For Both Approaches:

• Functional Readouts:

  • Histone acetylation status at known target genes

  • Expression analysis of established target genes

  • Phenotypic assays specific to the process being studied

• Time Course Analysis: Examine effects at multiple time points to distinguish primary from secondary effects.

• Context Controls: Test in multiple relevant cell types to determine context specificity.

What experimental approaches can reveal the transcriptional targets of HDAC5 and HDAC9?
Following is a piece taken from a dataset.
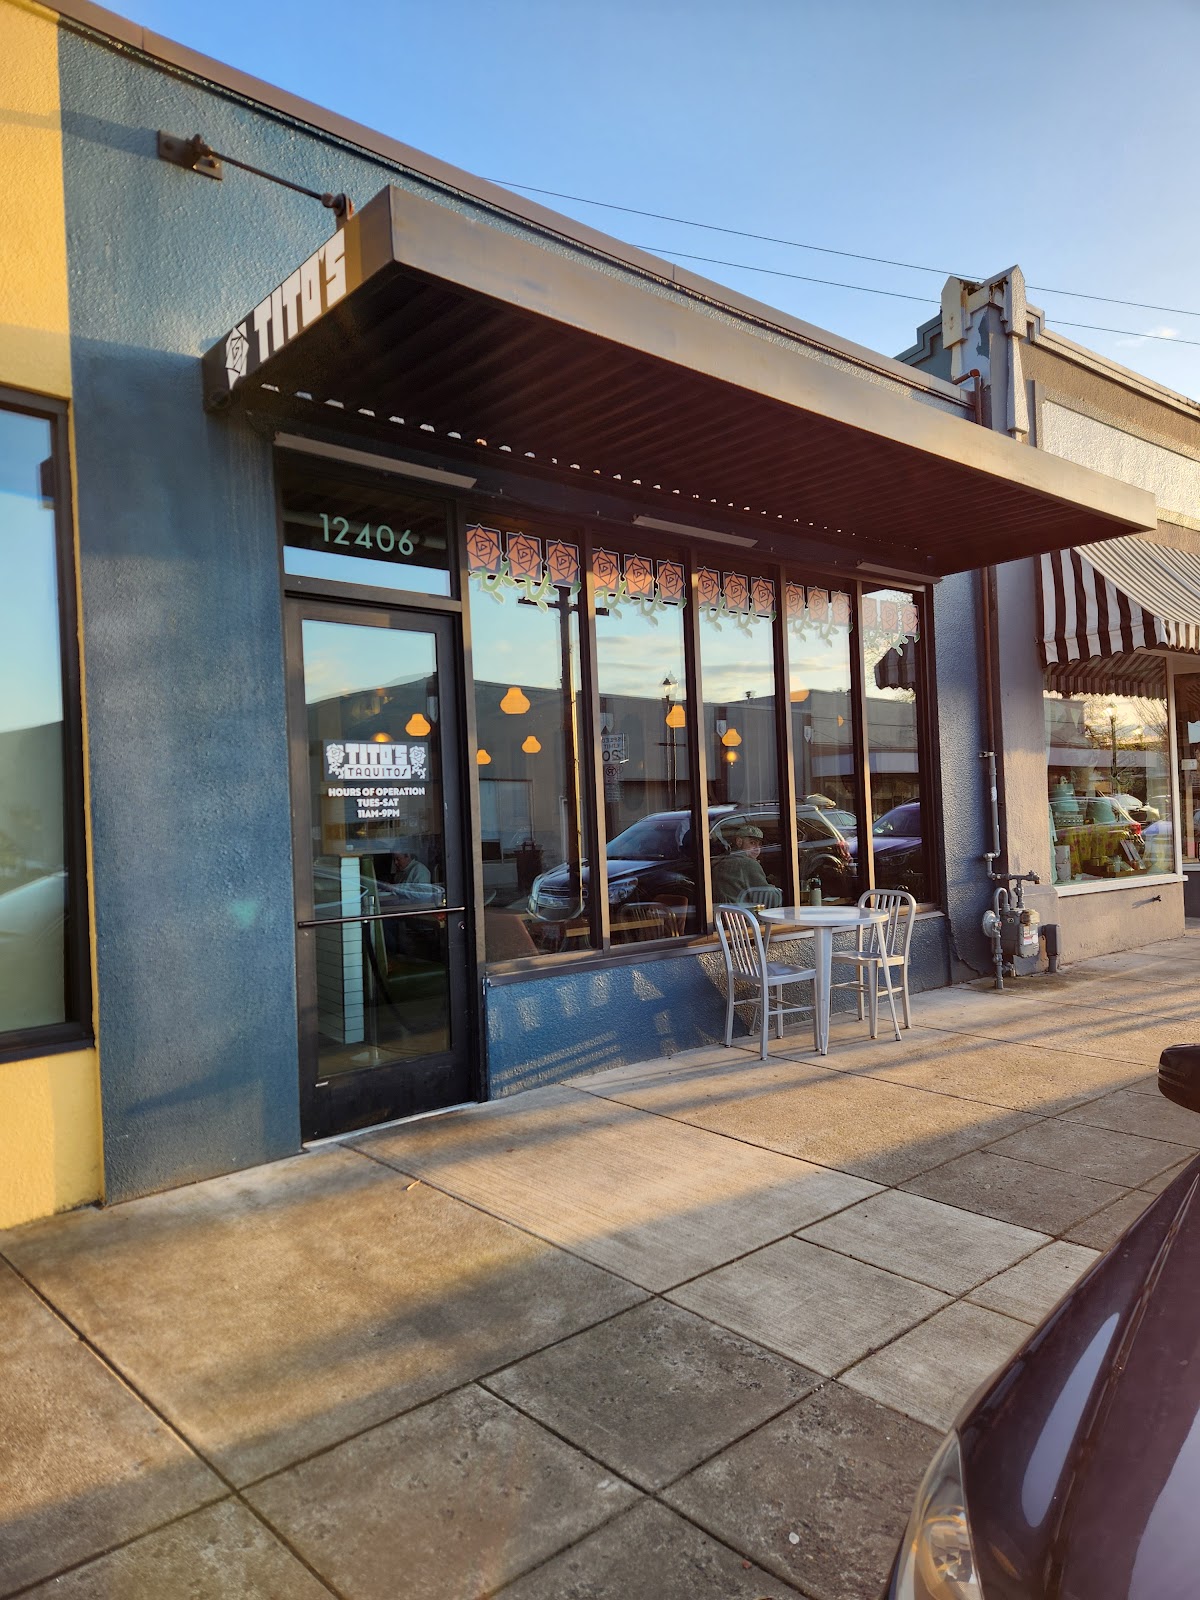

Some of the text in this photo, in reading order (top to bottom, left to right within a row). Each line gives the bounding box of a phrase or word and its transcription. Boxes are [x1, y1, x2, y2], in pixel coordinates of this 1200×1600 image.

To identify and validate transcriptional targets:

• Genome-wide Expression Profiling:

  • RNA-seq or microarray analysis following knockdown/overexpression

  • This approach identified FGF2 and Slit2 as HDAC5 targets in endothelial cells

  • Compare acute vs. sustained manipulation to identify direct targets

• Chromatin Immunoprecipitation (ChIP) Approaches:

  • ChIP-seq to map genome-wide binding sites

  • ChIP-qPCR to validate binding at specific promoters

  • Example: ChIP assays demonstrated HDAC5 binding to FGF2 and Slit2 promoters

• Functional Validation:

  • Antagonize identified targets to reverse phenotypes

  • Blocking FGF2 or Slit2 reduced sprout induction in response to HDAC5 siRNA

  • Overexpress targets to phenocopy HDAC depletion effects

• Reporter Assays:

  • Test promoter activity using luciferase reporters

  • Compare wild-type vs. mutated binding sites

  • Assess responsiveness to HDAC5/9 manipulation

• Integrated Multi-omics:

  • Combine transcriptomics with:

    • ChIP-seq data

    • Histone acetylation mapping (H3K27ac, H3K9ac)

    • Chromatin accessibility (ATAC-seq)

  • Integrate data to distinguish direct vs. indirect regulation

• Protein Complex Analysis:

  • Identify transcriptional complexes containing HDAC5/HDAC9

  • Determine co-regulators that confer target specificity

  • Map multiprotein complex assembly on specific promoters

• Domain-specific Manipulation:

  • Express truncated proteins or domain mutants

  • Identify domains required for target gene regulation

  • Example: HDAC5's antiangiogenic activity required nuclear localization but was independent of deacetylase activity

These approaches, when combined, provide comprehensive understanding of the transcriptional networks regulated by HDAC5 and HDAC9.